LISTED ENTRIES >>
_ _ _ _
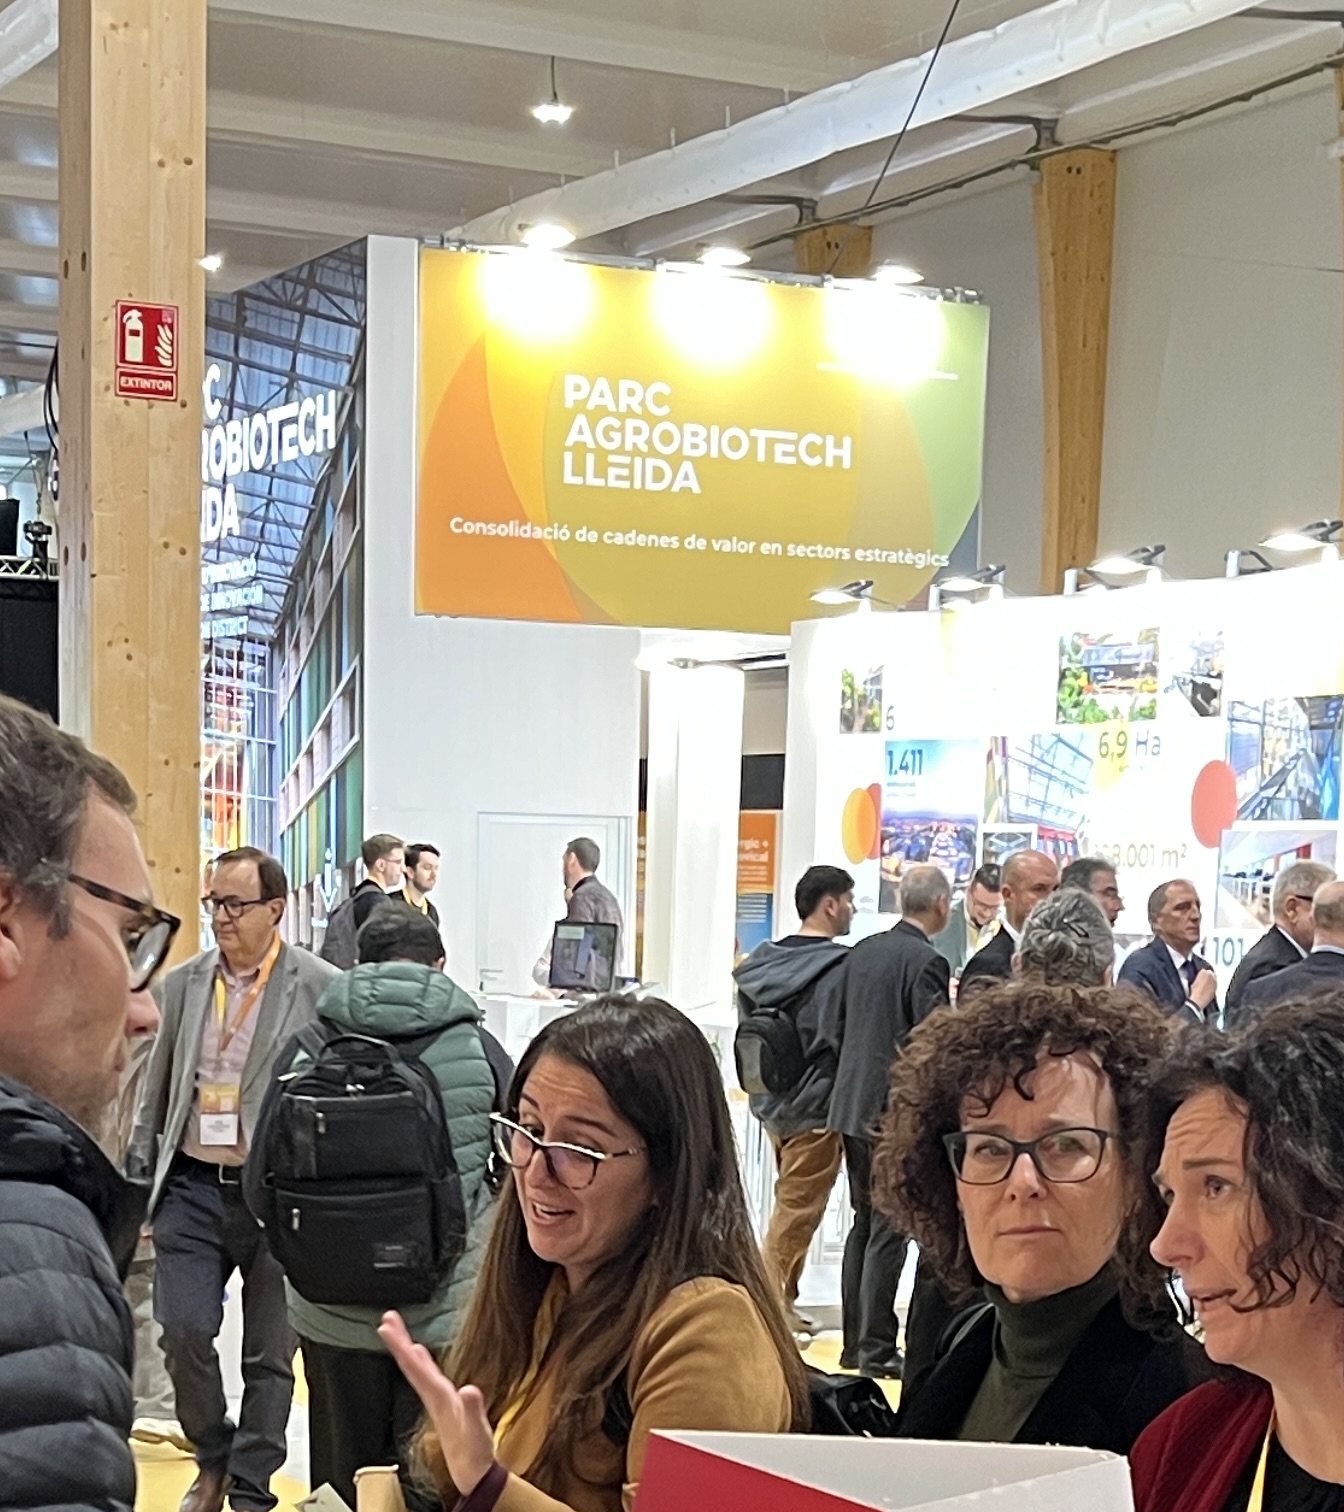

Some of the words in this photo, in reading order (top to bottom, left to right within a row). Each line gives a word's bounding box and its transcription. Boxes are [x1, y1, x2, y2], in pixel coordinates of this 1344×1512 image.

[119, 376, 173, 392] EXTINTOR
[563, 375, 672, 416] PARC
[564, 416, 852, 469] AGROBIOTECH
[562, 452, 702, 494] LLEIDA
[449, 515, 570, 543] Consolidació
[575, 525, 599, 544] de
[603, 527, 680, 550] cadenes
[684, 531, 708, 552] de
[711, 534, 756, 556] valor
[760, 540, 783, 556] en
[787, 539, 851, 561] sectors
[855, 545, 950, 569] estratègics
[887, 748, 924, 777] 1.411
[1098, 730, 1129, 761] 6,9
[1134, 730, 1162, 757] Ha
[1095, 843, 1155, 869] 8.001
_ _ _ _
WHAT IS REQUIRED >>
An exact copy of the listing is required, with every image removed.

OUTPUT BELOW >>
Some of the words in this photo, in reading order (top to bottom, left to right within a row). Each line gives a word's bounding box and its transcription. Boxes are [x1, y1, x2, y2], in pixel coordinates of this 1344×1512 image.

[119, 376, 173, 392] EXTINTOR
[563, 375, 672, 416] PARC
[564, 416, 852, 469] AGROBIOTECH
[562, 452, 702, 494] LLEIDA
[449, 515, 570, 543] Consolidació
[575, 525, 599, 544] de
[603, 527, 680, 550] cadenes
[684, 531, 708, 552] de
[711, 534, 756, 556] valor
[760, 540, 783, 556] en
[787, 539, 851, 561] sectors
[855, 545, 950, 569] estratègics
[887, 748, 924, 777] 1.411
[1098, 730, 1129, 761] 6,9
[1134, 730, 1162, 757] Ha
[1095, 843, 1155, 869] 8.001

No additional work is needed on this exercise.